I CONTADINI. Tanti sono contadini a parole, pochi lo sono davvero. La terra a Tuscania ha sempre rappresentato il bene sicuro, la traiettoria che orientava intere generazioni, l’obiettivo di speranze tramandate attraverso le famiglie. Per i veri contadini la terra è la sposa e l’amante, il mondo nel quale piantare la propria vita. Oggi sono pochi i contadini perché il loro mondo è stato invaso dalla fame. Il latte versato dai pastori nelle strade sarde è solo uno dei tanti simboli di un’economia malata. E’ il sangue di un mondo pazzo, dove chi raccoglie guadagna niente e dove chi non ha le mani sporche di terra guadagna di più. Di un mondo dove l’Europa ha seminato illusioni con contributi ora sempre più dilazionati destinati a sparire per sempre.
 
Non si ascoltano parole indignate accanto ai pastori sardi. Non si ascoltano quando il grano viene venduto sempre a meno, o quando la grande distribuzione, da anni, strozza i contadini.
 
Tempo fa un regista straniero ha girato un film documentario intitolato “Days in Maremma”. Anche il trailer è linkato tra le ondate di post che alimentano questa vicenda. Ma il trailer non è sufficiente.
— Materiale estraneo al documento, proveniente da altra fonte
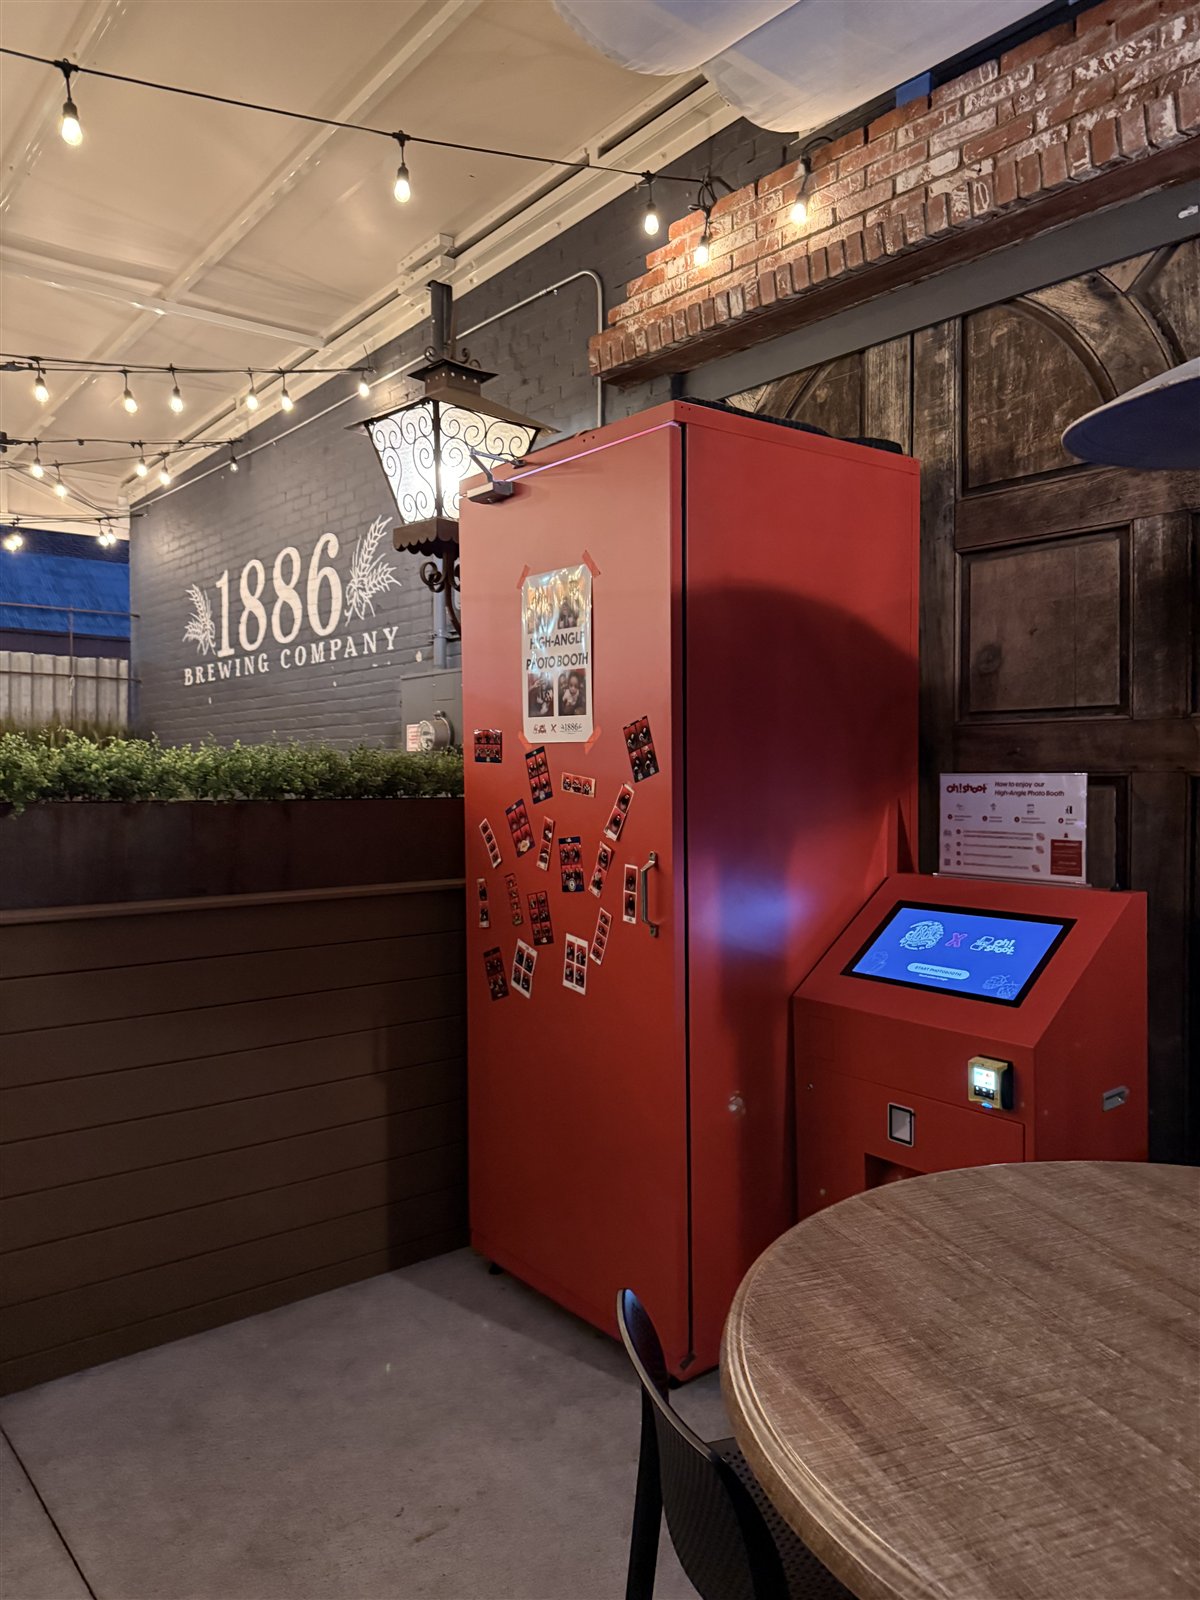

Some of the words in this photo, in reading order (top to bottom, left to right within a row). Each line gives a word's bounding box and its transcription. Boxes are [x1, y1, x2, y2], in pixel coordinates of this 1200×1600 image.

[215, 532, 343, 658] 1886
[529, 631, 585, 650] HGH-ANGLE
[183, 653, 270, 687] BREWING
[280, 626, 399, 669] COMPANY
[556, 652, 589, 667] BOOTH
[994, 790, 1027, 798] High-Angle
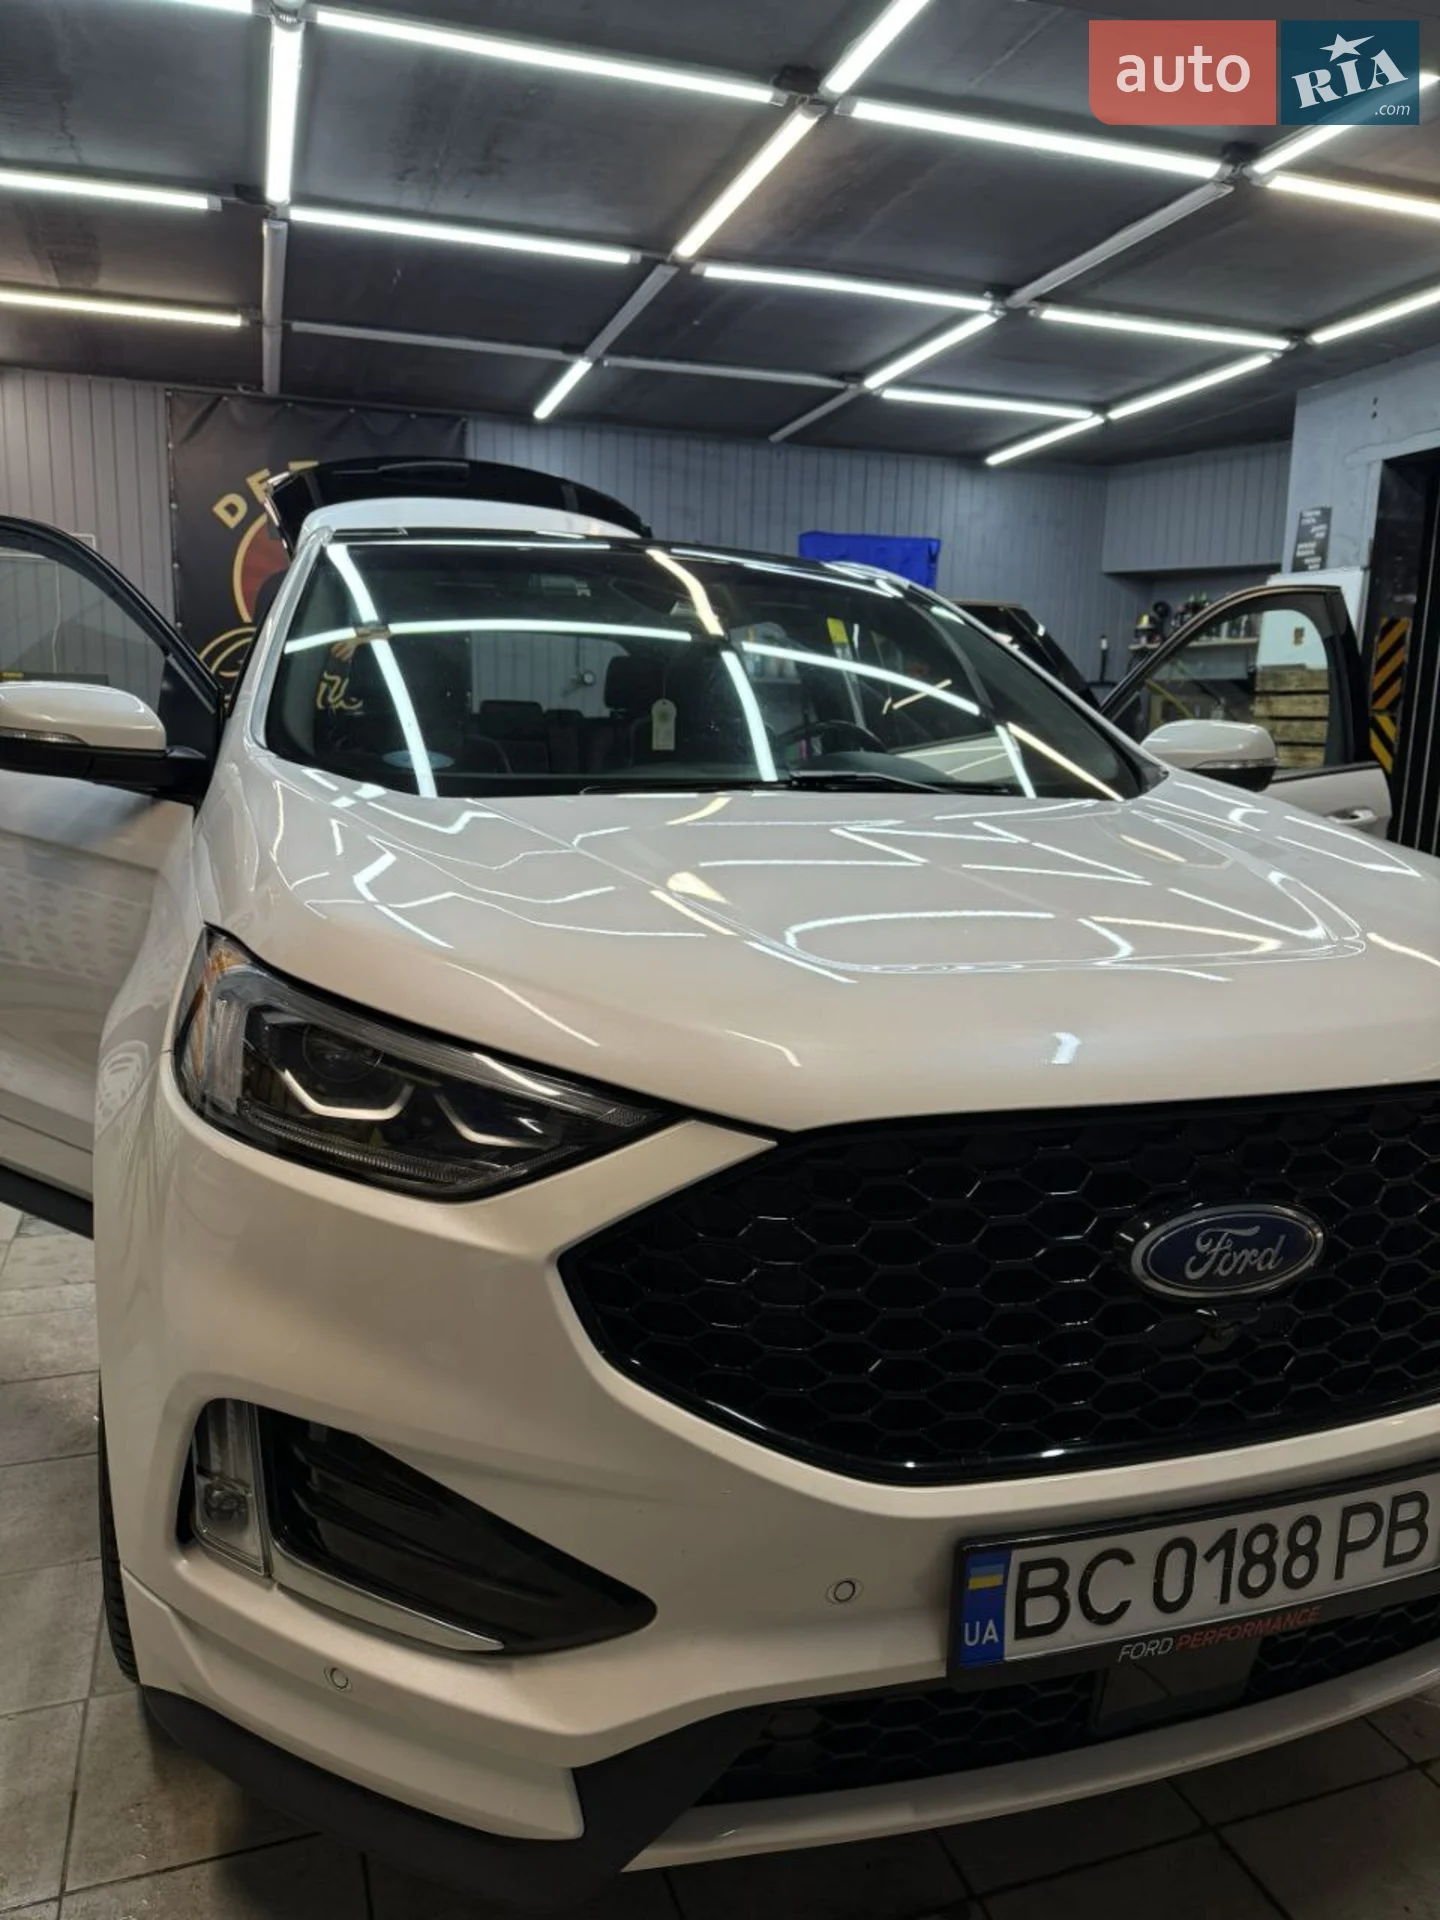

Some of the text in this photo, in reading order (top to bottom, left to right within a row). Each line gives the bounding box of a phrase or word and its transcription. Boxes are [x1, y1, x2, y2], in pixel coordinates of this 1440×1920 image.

[1185, 1225, 1286, 1280] Ford
[1013, 1490, 1430, 1641] BC 0188 PB
[964, 1619, 999, 1646] UA
[1117, 1606, 1322, 1663] FORD PERFORMANCE
Guardate il film per intero. E’ una testimonianza di uno scontro che non verte sulle diverse visioni ambientalistiche. A me appare come una vera e propria contrapposizione sociale, tra categorie sociali. Quella più genuina per me è sicuramente la parte dei contadini. E per partito preso si sta sempre con loro, con gli ultimi
 
La convenienza, l’opportunità, della produzione di energia attraverso gli di impianti fotovoltaici non mi interessa. O meglio non so esprimere un parere a proposito. Sicuramente è fondamentale il rispetto dei vincoli paesaggistici. Ma se i vincoli paesaggistici non ci sono perché invocarli? Perché imporli? Perché impedire ai legittimi proprietari della terra di ricavare sussistenza dal sole e dalla terra come hanno sempre fatto e come oggi non riescono più a fare? Perché impedirgli di assicurare non il futuro, ma il domani ai propri figli.
 
Mi sfugge il motivo di tutto questo accanimento, l’astio, lo spirito di crociata che esala da questa vicenda. L’estrema attenzione posta su questo particolare problema ambientale.
 
Per questo mi domando dove si rivolgono o se mai si sono alzate queste stesse voci, questi stessi occhi, queste associazioni matrici di parole, di fronte al problema dell’arsenico, o della raccolta differenziata, o della discarica, o dell’imbruttimento del centro storico, o di un turismo che è solo propaganda, o di un paese alla deriva sociale ed economica. Sono dieci anni e più che sento parlare del progetto sulla via Clodia, assisto a incontri e ascolto parole squillanti, ma purtroppo alla prova dei fatti sono parole che si sgonfiano subito, sono parole risultate vuote, lontane. Pronunciate dall’alto, dalla cattedra, parole che non coinvolgono. Parole pronunciate senza abbassare la faccia sulla terra, senza alla fine sporcarsi le mani. Possibile che il problema più grave di Tuscania sia l’impianto fotovoltaico a Pian di Vico, a Poggio della Ginestra e a Montebello?
 
A meno che, come spesso oggi accade, lo spirito di crociata che anima questa battaglia non nasconda altri interessi, legittimi ma privati, garantiti e velati dalla salvaguardia del paesaggio. Sarebbe l’ennesimo esempio di come gli ideali si piegano al particolare. Di come le parole talvolta assumano la stessa consistenza e lo stesso colore della nebbia.